What to produce: Copy every line of the records exactly, without including the images.

Collected data
++++
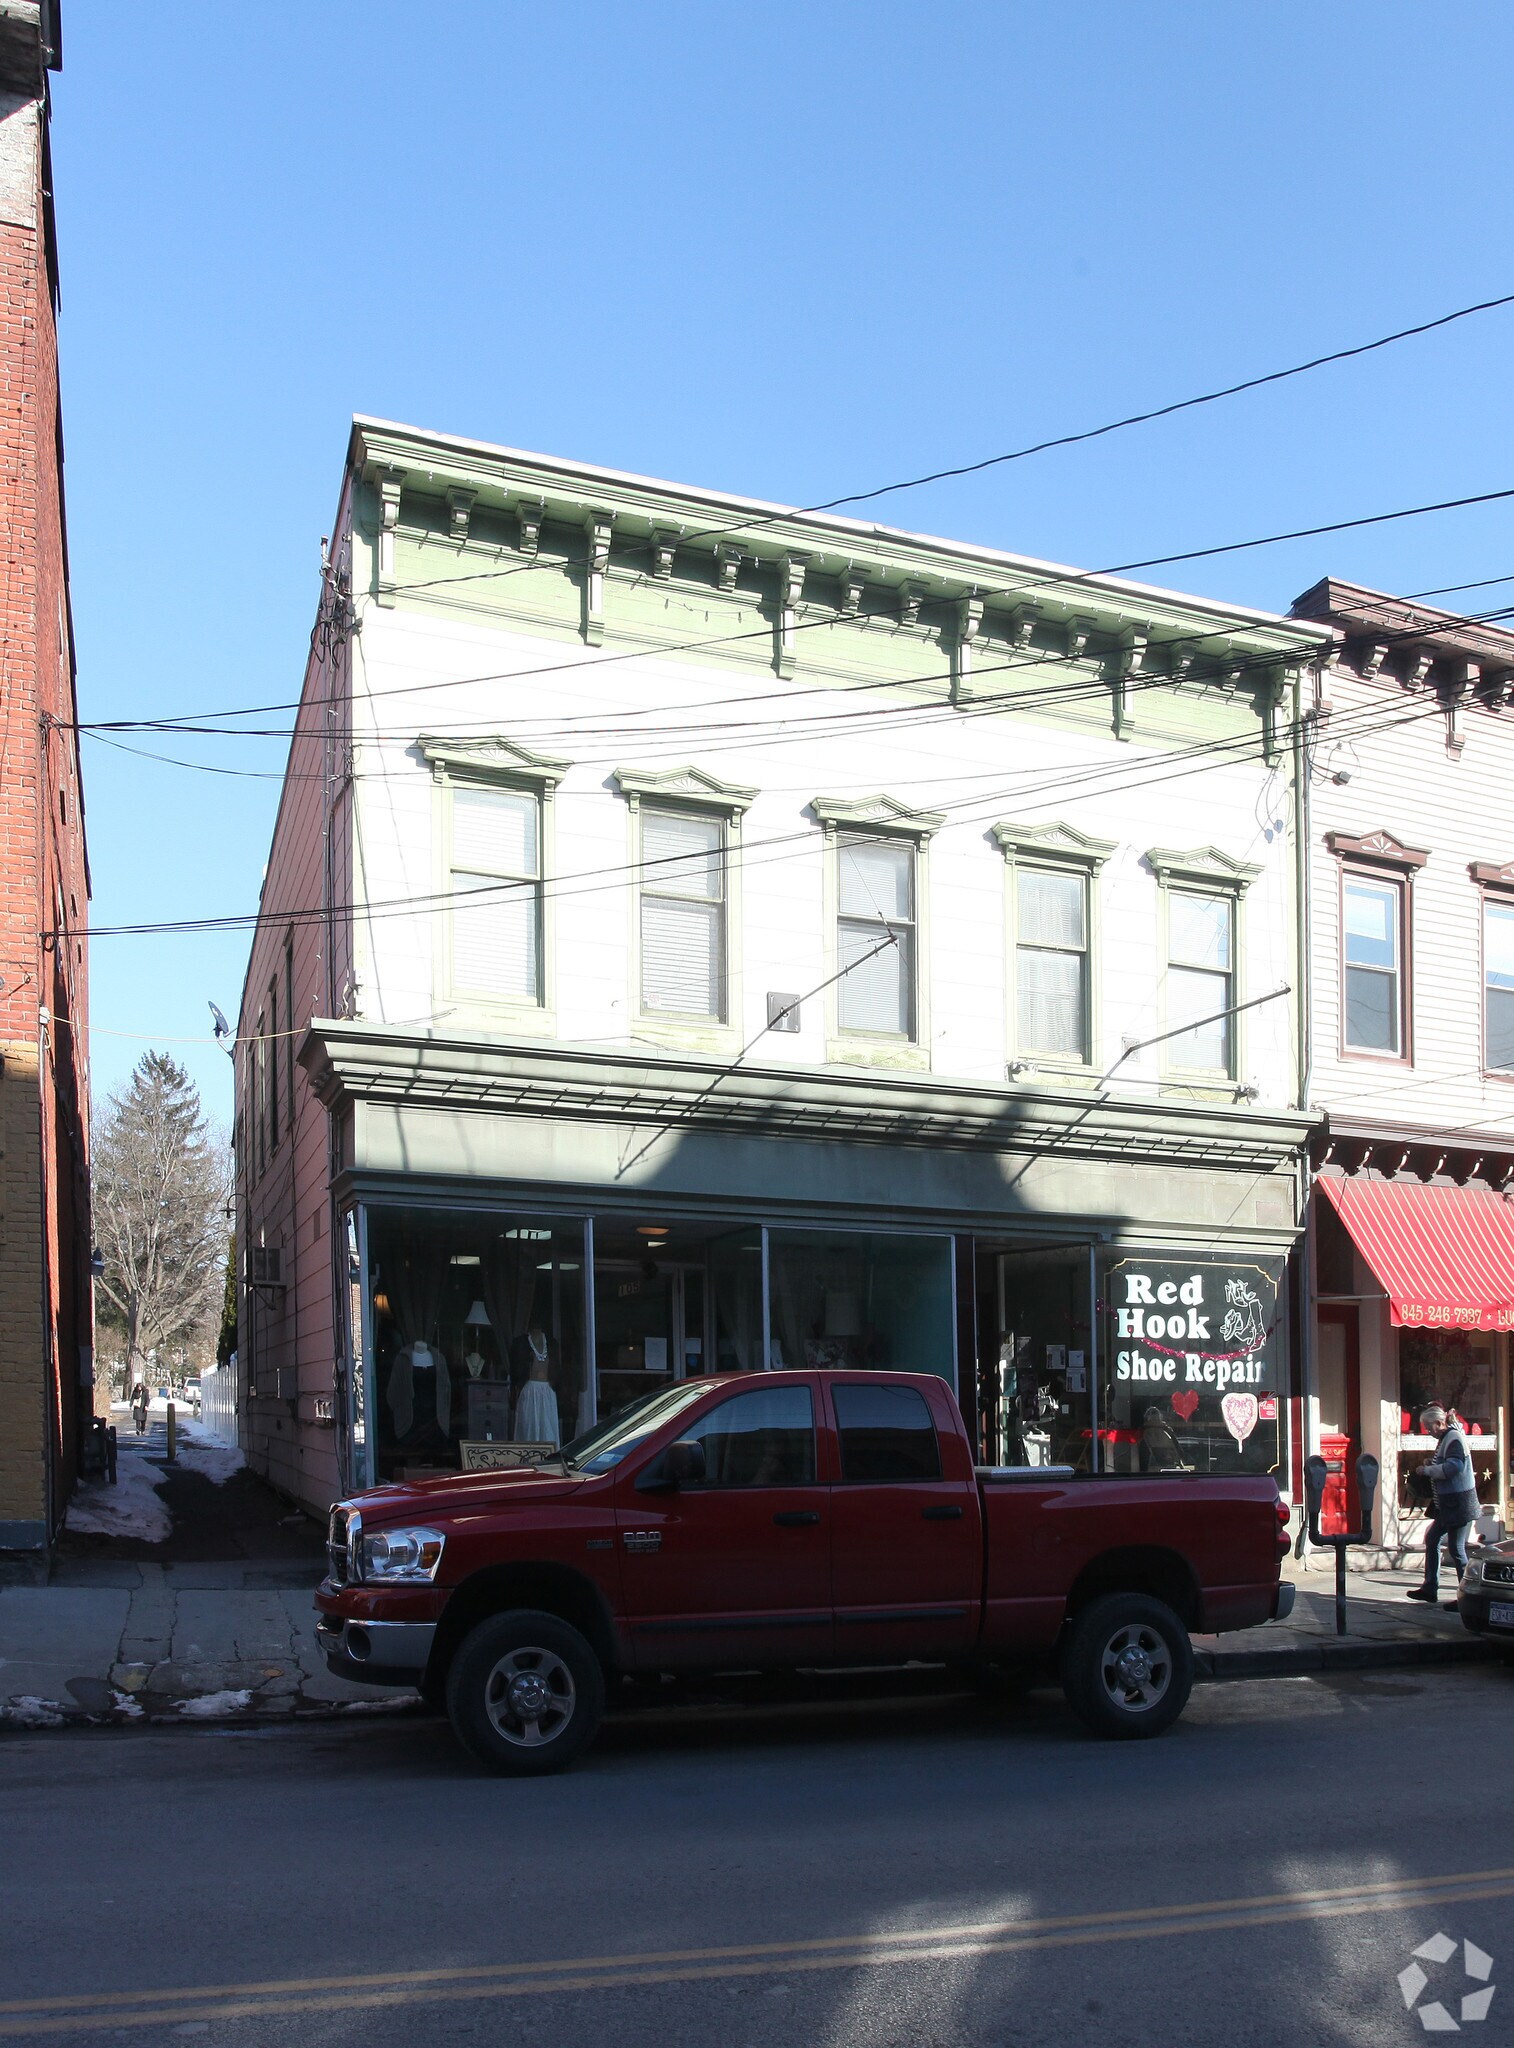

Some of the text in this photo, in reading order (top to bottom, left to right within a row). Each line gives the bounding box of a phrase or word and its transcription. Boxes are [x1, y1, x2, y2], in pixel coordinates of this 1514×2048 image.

[619, 1281, 640, 1296] 105
[1125, 1274, 1205, 1305] Red
[1116, 1308, 1211, 1339] Hook
[1401, 1303, 1514, 1326] 845-246-7337 LU
[1116, 1350, 1267, 1391] Shoe Repair
++++
Your solution:
Some of the text in this photo, in reading order (top to bottom, left to right within a row). Each line gives the bounding box of a phrase or word and its transcription. Boxes are [x1, y1, x2, y2], in pixel coordinates of this 1514×2048 image.

[619, 1281, 640, 1296] 105
[1125, 1274, 1205, 1305] Red
[1116, 1308, 1211, 1339] Hook
[1401, 1303, 1514, 1326] 845-246-7337 LU
[1116, 1350, 1267, 1391] Shoe Repair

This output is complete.